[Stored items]
* * * * * * *
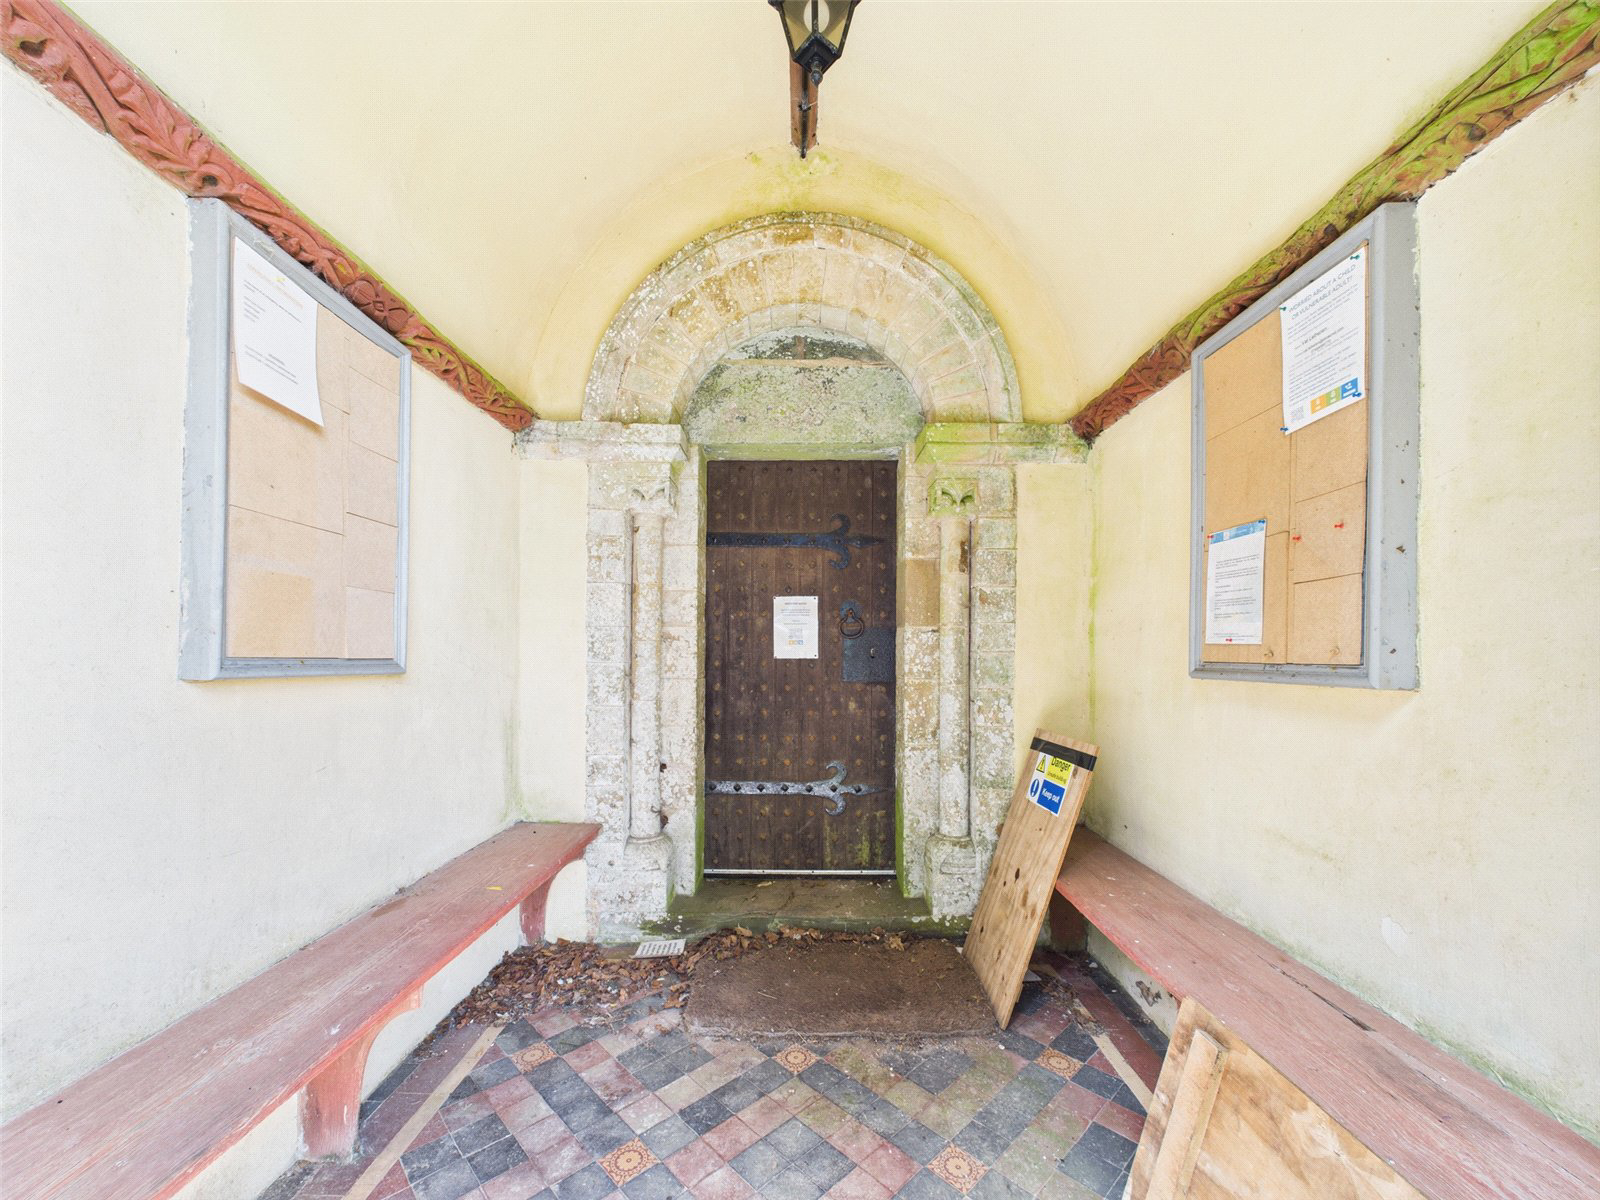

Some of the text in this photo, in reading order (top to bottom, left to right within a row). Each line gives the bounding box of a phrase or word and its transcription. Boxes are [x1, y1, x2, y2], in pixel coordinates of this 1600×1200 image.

[1289, 294, 1312, 312] WORRIED
[1313, 280, 1331, 296] ABOUT
[1338, 264, 1356, 279] CHILD
[1051, 756, 1071, 772] Danger
[1042, 788, 1052, 800] Keep
* * * * * * *
■ Task goal:
Each line of the data above must be reproduced as written. Skip the pictures.

■ Task answer:
Some of the text in this photo, in reading order (top to bottom, left to right within a row). Each line gives the bounding box of a phrase or word and its transcription. Boxes are [x1, y1, x2, y2], in pixel coordinates of this 1600×1200 image.

[1289, 294, 1312, 312] WORRIED
[1313, 280, 1331, 296] ABOUT
[1338, 264, 1356, 279] CHILD
[1051, 756, 1071, 772] Danger
[1042, 788, 1052, 800] Keep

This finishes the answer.